FAQ: zero annual report

Do I need to file an annual report if revenue is zero?

Yes. The obligation to file an annual report does not depend on revenue — even a zero report must be filed on time.

What is usually included in a “zero” report?

Often there is share capital, a small bank balance, bank fees, and settlements with the owner.

Do I need to fill EMTAK if there is no turnover?

Yes. The main activity code should still be accurate even when turnover is zero.

Can I file a zero report myself?

Sometimes yes if the structure is simple, but you must show balances, expenses, and notes correctly to avoid corrections.

Quick checklist (January 2026)

If you’re implementing this guide around zero annual report OÜ, use this short checklist to turn it into action. It’s the same structure I recommend to clients who want fewer surprises and a calmer month-end.

  • Write scope first: what you need monthly, quarterly, and annually — and what you don’t.
  • Collect documents early: aim to have everything in one place by the 5th.
  • Use a single owner: one person responsible for “close the month”, even if tasks are delegated.
  • Keep e‑MTA access clean: authorizations, contacts, and responsibility should be explicit.
  • Review edge cases monthly: cross‑border VAT, payroll changes, unusual transactions.
  • Document decisions: payments, reimbursements, and policies should be written, not implied.

Related reading: Emta Deadlines 2026: Complete Estonian Tax Calendar · VAT Declaration in Estonia: Complete Guide 2026.

Common pitfalls to avoid

Most problems I see are not “tax complexity” — they’re process gaps: missing documents, unclear decisions, and last‑minute fixes. If you want to improve outcomes around zero annual report OÜ, watch these patterns:

  • No single source of truth: invoices and receipts spread across email, chat, and photos.
  • Unclear responsibility: “someone will file it” is the fastest way to miss a deadline.
  • Changing the process mid‑month: switch tools/providers right after month-end closing.
  • Edge cases ignored: cross‑border VAT, multi-currency, benefits, and reimbursements need monthly review.

One last tip

Schedule a 15-minute monthly review: what changed in the business model, what was unusual this month, and what needs documentation. That habit prevents most cleanup work.

Where to verify details

Rules and interfaces change. For anything sensitive (rates, deadlines, registration steps, platform requirements), verify against official sources and keep the link in your internal checklist:

  • EMTA / e‑MTA: official tax and filing guidance.
  • Business Register (RIK): registration and annual report submissions.
  • Sector registries: e‑invoice directories (where applicable) and vendor documentation.

Documents and data to prepare before filing

The annual report is only as good as the year-end bookkeeping behind it.
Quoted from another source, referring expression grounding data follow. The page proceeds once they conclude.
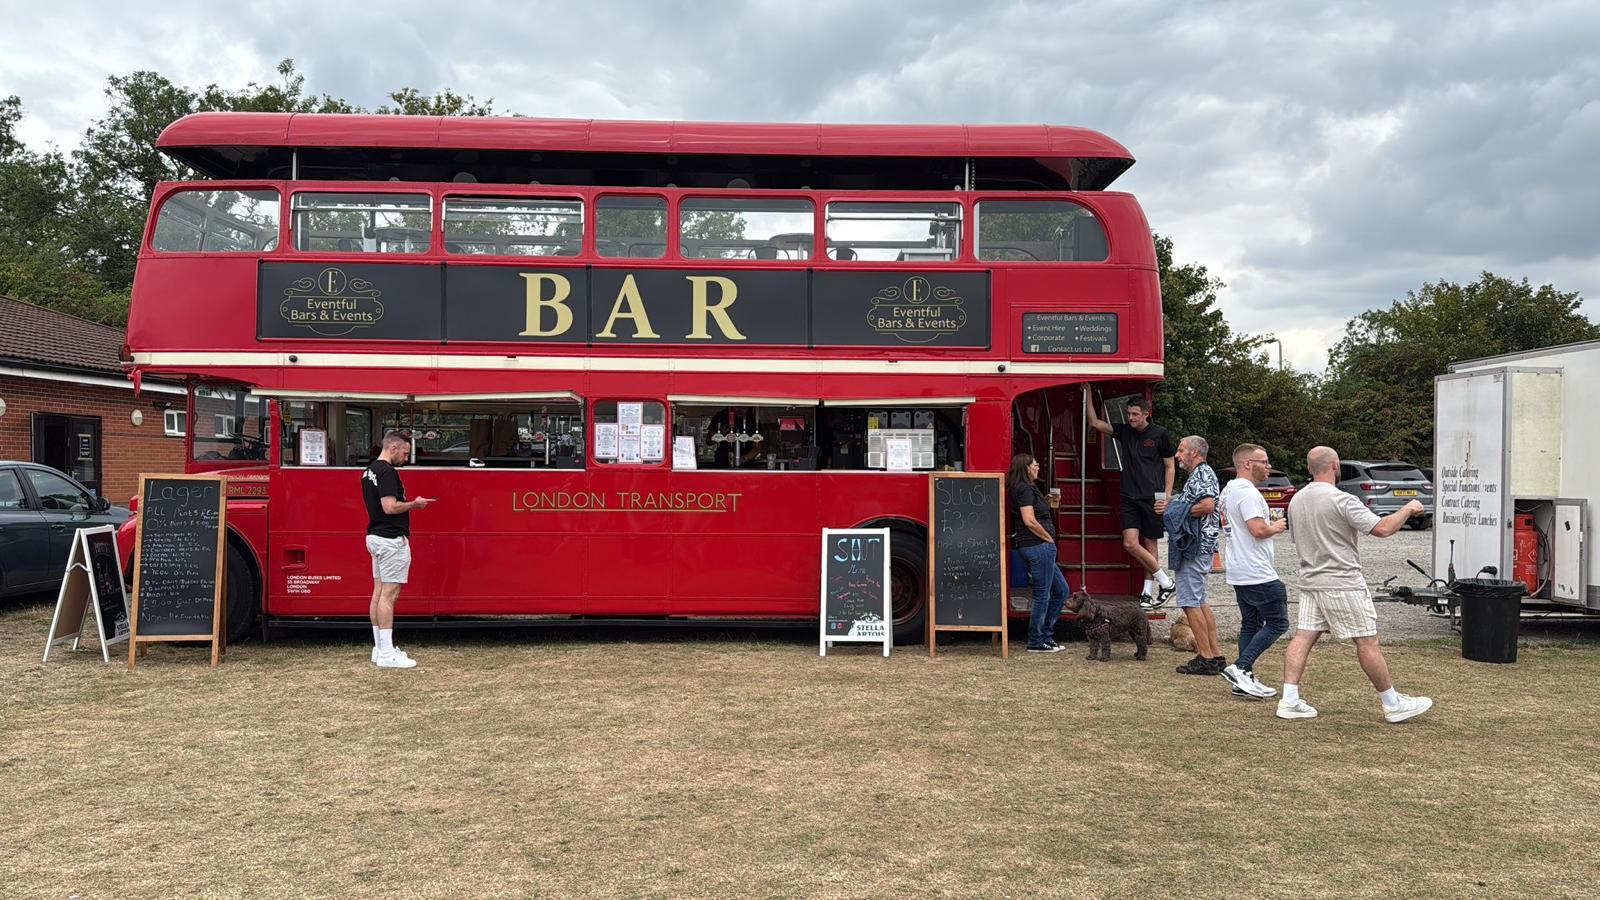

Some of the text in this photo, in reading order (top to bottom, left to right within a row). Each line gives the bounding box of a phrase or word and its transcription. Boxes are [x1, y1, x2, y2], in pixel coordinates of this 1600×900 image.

[327, 271, 338, 293] E
[912, 280, 922, 302] E
[307, 299, 357, 310] Eventful
[518, 272, 747, 340] BAR
[290, 310, 373, 321] Bars & Events
[894, 306, 941, 318] Eventful
[878, 318, 956, 330] Bars & Events
[1442, 466, 1478, 480] Outside Catering
[148, 480, 213, 507] Lager
[247, 486, 267, 494] 2293
[937, 480, 993, 506] Slush
[1442, 480, 1457, 494] Special
[1459, 480, 1480, 492] Functions
[512, 492, 742, 512] LONDON TRANSPORT
[1442, 496, 1480, 510] Contract Catering
[1478, 513, 1497, 526] Lunches
[834, 538, 880, 562] SHOT
A short “data pack” saves time, reduces questions from the Business Register, and makes approvals easier.

  • Bank statements + reconciliations: confirm closing balances match the ledger.
  • Sales and expense documents: invoices, receipts, contracts, and prepayments.
  • Payroll and board pay: summaries, taxes withheld, and any benefits.
  • Loans and capital changes: shareholder loans, equity movements, planned dividends.
  • Fixed assets: register and depreciation schedule.
  • Tax filings: VAT returns and annual tax payments, if relevant.

If the company had no activity, keep evidence of zero transactions (bank statement or account closure confirmation). It helps explain a “zero report” if questions appear later.

See also: Late Annual Report: Penalties, Risks, Action Plan · Annual Report for OÜ in Estonia: Deadlines and Filing.

Conclusion

A zero report is not an “empty form” but a careful record of what the company had during the year and what remained at year‑end. Do it right once, and the “zero year” stops being a risk.